Amounts drawn under the Credit Agreement will bear interest, depending
on the advance type, at the applicable benchmark rate (which, for U.S. dollar advances, is three-month Term SOFR), in each case,
plus an applicable margin of 1.90% per annum, which applicable margin will increase by 0.125% per annum after the end of the revolving
period. The Credit Agreement contains customary covenants and customary events of default. The Credit Agreement is secured by a security
interest in the assets of Funding II and on any payments received by Funding II in respect of such assets.

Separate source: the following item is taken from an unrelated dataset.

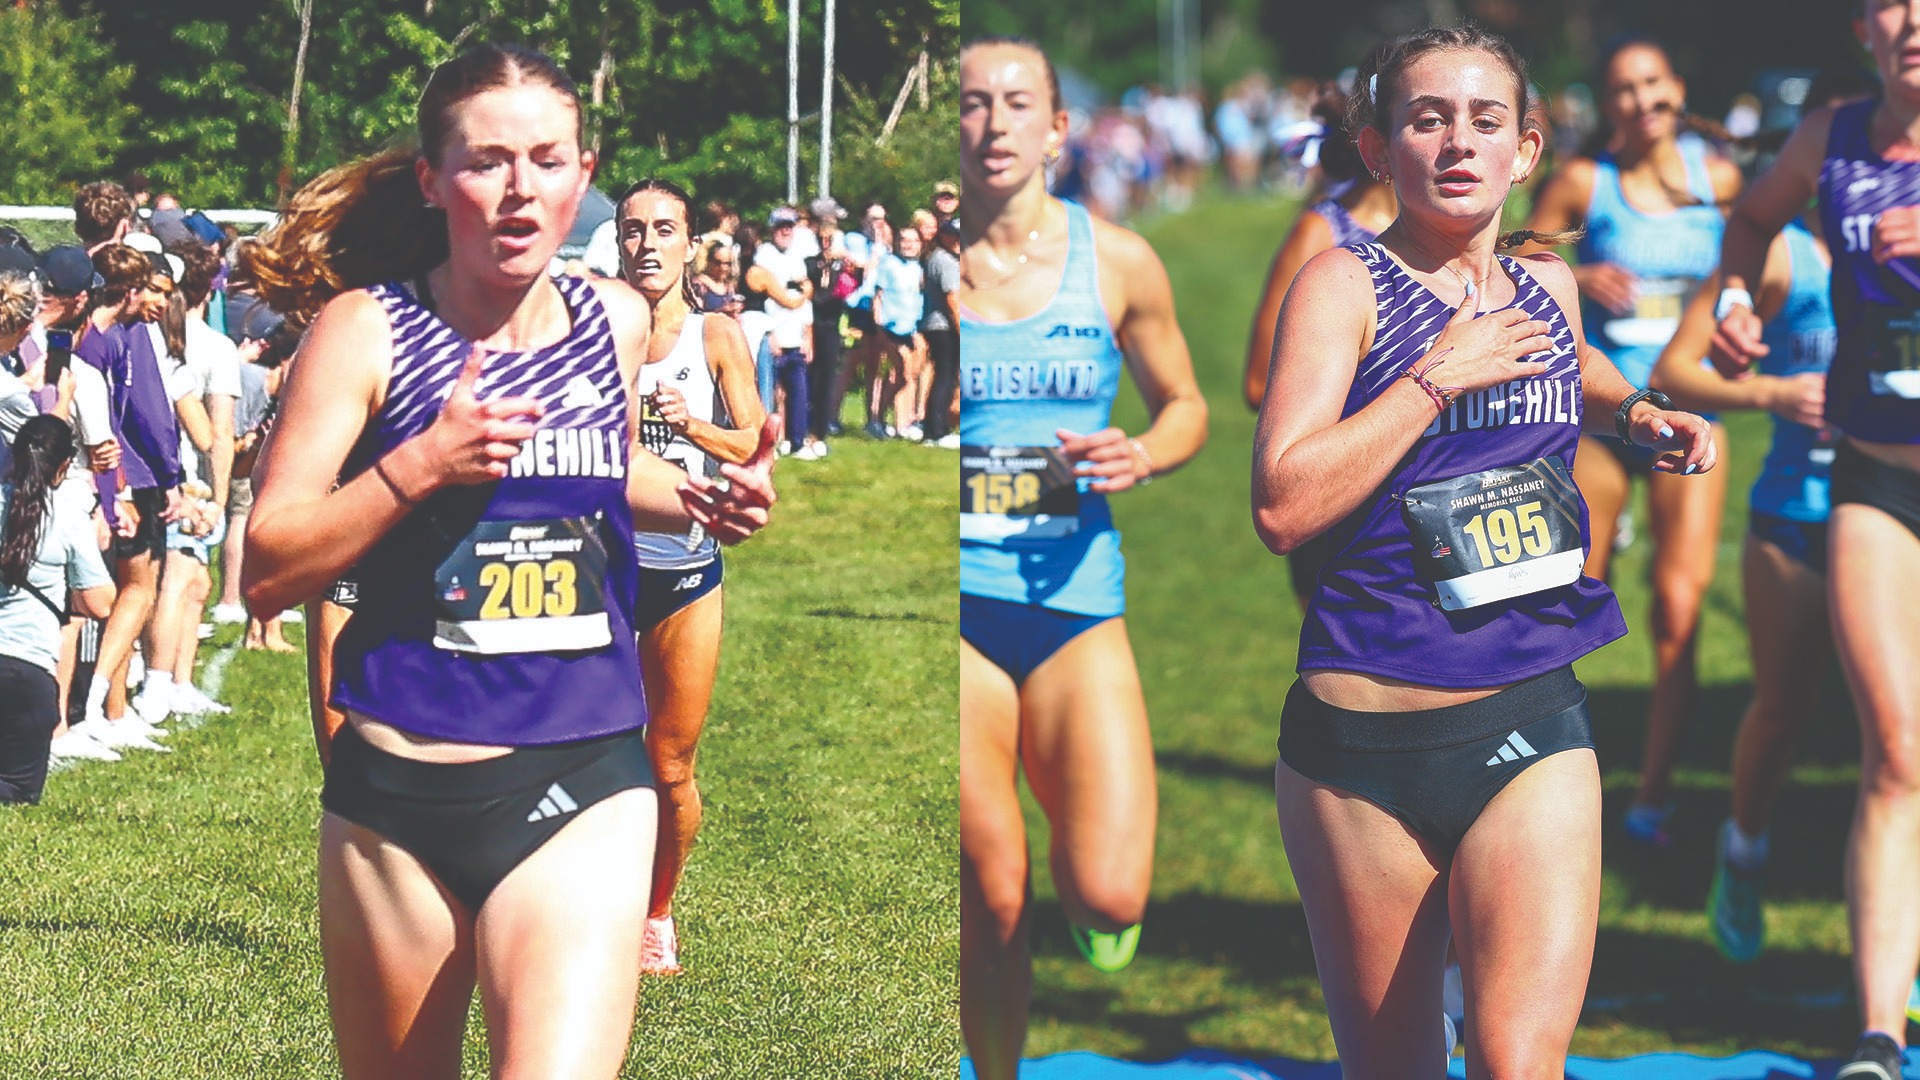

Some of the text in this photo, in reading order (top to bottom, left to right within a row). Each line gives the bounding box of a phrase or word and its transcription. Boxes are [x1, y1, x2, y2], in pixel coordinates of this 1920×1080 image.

Assets pledged to the lenders
under the Credit Agreement will not be available to pay the debts of the Fund.

Borrowings under the Credit Agreement are considered borrowings of
the Fund for purposes of the Fund’s compliance with the asset coverage requirements under the Investment Company Act of 1940, as
amended.

The description above is only a summary of the material provisions
of the Credit Agreement and the Purchase and Contribution Agreement and is qualified in its entirety by reference to the full text of
the Credit Agreement and the Purchase and Contribution Agreement, which are filed as Exhibits 10.1 and 10.2, respectively, to this Current
Report on Form 8-K and incorporated herein by reference.

Item 9.01 - Financial Statements and Exhibits

152 words

Item 9.01.

Financial Statements and Exhibits.

(d) Exhibits

10.1

Revolving Credit and Security Agreement, dated as of June 1, 2026, by and among SPCIF Funding II LLC, as borrower, the lenders from time to time parties thereto, Truist Bank, as administrative agent and swingline lender, Truist Securities, Inc., as lead arranger, Stone Point Credit Income Adviser LLC, as collateral manager, and The Bank of New York Mellon Trust Company, National Association, as collateral agent and collateral administrator.*

10.2

Purchase and Contribution Agreement, dated as of June 1, 2026, by and between Stone Point Credit Income Fund, as seller, and SPCIF Funding II LLC, as purchaser.

104

Cover Page Interactive Data File (embedded within the Inline XBRL document).

* Certain schedules to this Exhibit have been omitted in accordance
with Item 601 of Regulation S-K. The registrant agrees to furnish supplementally a copy of all omitted schedules to the SEC upon its request.